Jogendra Nath Mukhopadhya v. Nitai Churn Bundopadhya
1903-01-06
body1903
DigiLaw.ai
JUDGMENT 1. The only question raised In this appeal, which arises out of a suit to enforce a mortgage-bond, is whether the Court of Appeal below was right in holding that the mortgage-deed was duly executed, regard being had to the provisions of sec. 59 of the Transfer of Property Act. The learned vakil for the Defendant-Appellant contends that the question should be answered in the negative, as one of the requirements of sec. 59 of the Transfer of Property Act, namely, attestation by two witnesses, has not been satisfied. 2. On the other hand, the learned vaki for the Plaintiffs-Respondents argues that, upon the facts found by the lower Appellate Court, it has rightly held that the requirements of sec. 59 of the Transfer of Property Act have been satisfied. 3. Now, this is what the lower Appellate Court has found upon this point. "As to the second question, it appears," says the learned Subordinate Judge, "that the execution and the registration of the mortgage-bond are admitted by the Defendant in the case. The mortgage-bond also shows that it was duly signed by two witnesses able to read and write. Accordingly I am of opinion, under sec. 70 of the Indian Evidence Act, that execution of the mortgage-bond is sufficiently proved and that it is a legally valid document although the writer of it has, as I should think, falsely denied its execution by the Defendant in his presence--a denial which the Defendant himself does not give to the proper execution of the document." 4. Now, although, no doubt, as the learned vakil for the Appellant contends, sec. 70 of the Evidence Act is not sufficient to dispense with the necessity of proof of attestation by two witnesses to make the mortgage bona valid under sec. 59 of the Transfer of Property Act the only effect of sec. 70 being to make the admission of the executant sufficient proof of execution, yet the facts found, namely, that the mortgage-deed, on the face of it, shows that it was duly signed by two witnesses able to read and write and that it is a valid document, although the writer of it has falsely denied execution by the Defendant in his presence, are sufficient, in our opinion, to warrant the conclusion that the requirements of sec. 59 of the Transfer of Property Act about attestation by two witnesses have been satisfied.

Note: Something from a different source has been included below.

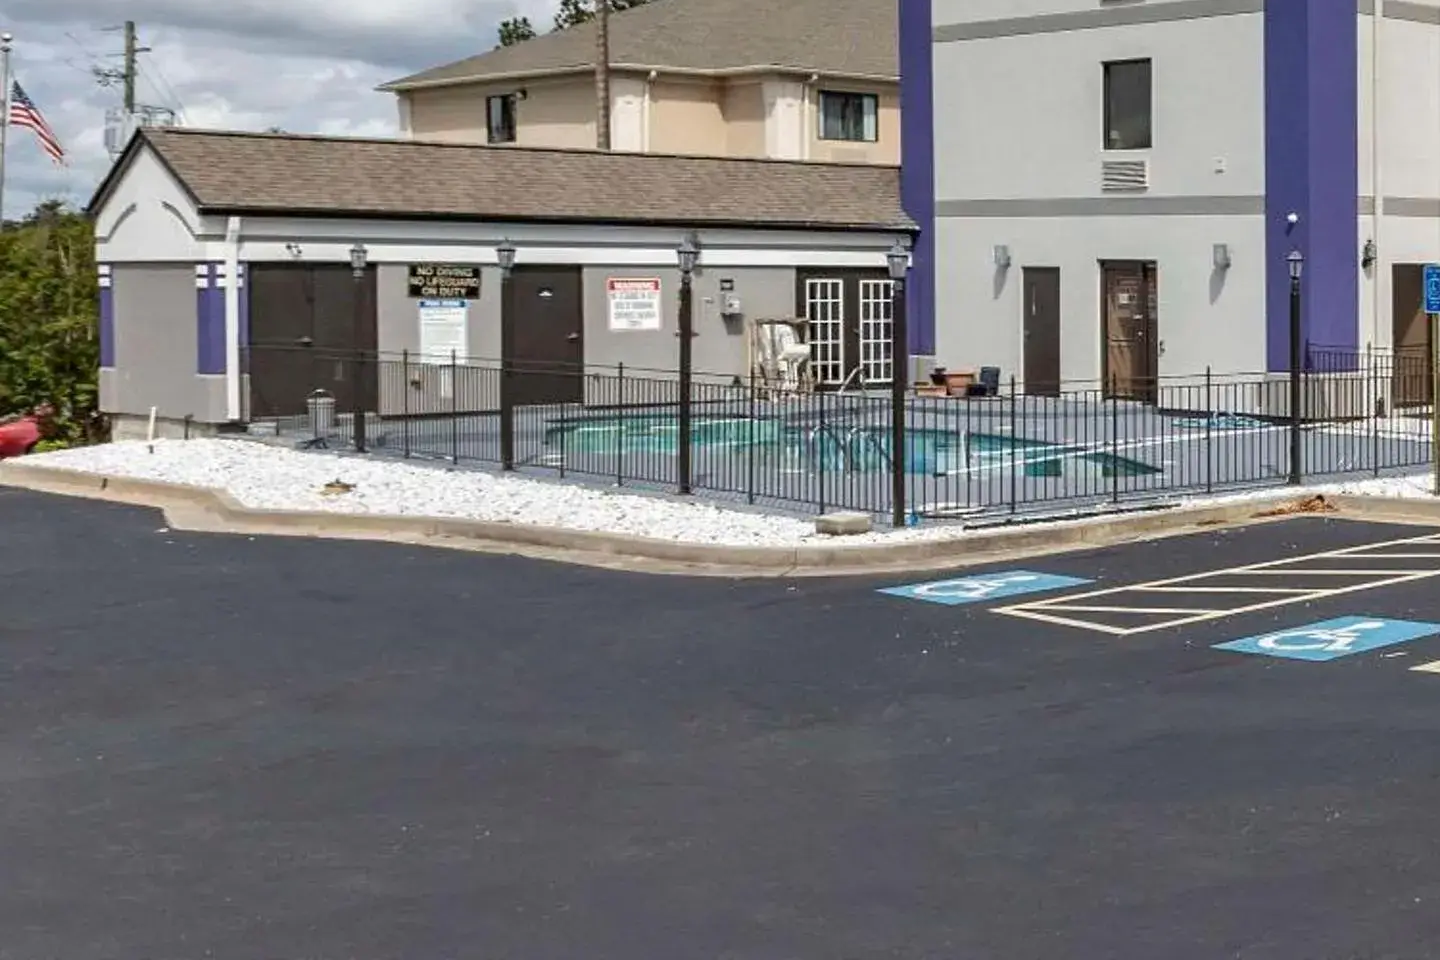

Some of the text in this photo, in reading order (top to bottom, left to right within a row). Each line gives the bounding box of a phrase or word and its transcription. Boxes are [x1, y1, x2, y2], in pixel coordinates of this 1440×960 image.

59 of the Transfer of Property Act about attestation by two witnesses have been satisfied. The deed on the face of it shows that it is attested by two witnesses, one of whom is the writer, whose denial of execution of the deed in his presence has been found by the Court of Appeal below to be false, and the other witness is Radhika, who has not been disbelieved, and whose evidence goes to show that the executant signed in his presence, but he is not able to remember whether the executant signed also in the presence of the writer. We find, however, that the writer's signature, as attesting witness, precedes that of the other witness, and, under the circumstances, we think that it may be fairly presumed that they both signed as attesting witnesses, after the execution of the document by the Defendant, and that that presumption is sufficient to support the finding of the learned Subordinate Judge. That finding is that the document is validly executed ; and the only way in which it has been, and can be, attacked by the Appellant in second appeal is by showing that here are no materials to warrant it. Well, to any such objection as that we say the presumption we have just referred to furnishes a sufficient answer ; and the view we take, that such a presumption may be raised is supported by the case of Burgoyne v. Showier 1 R. Eccl. R., p. 5 (1844) and also by sec. 114 of the Evidence Act. The appeal therefore fails and must be dismissed with costs.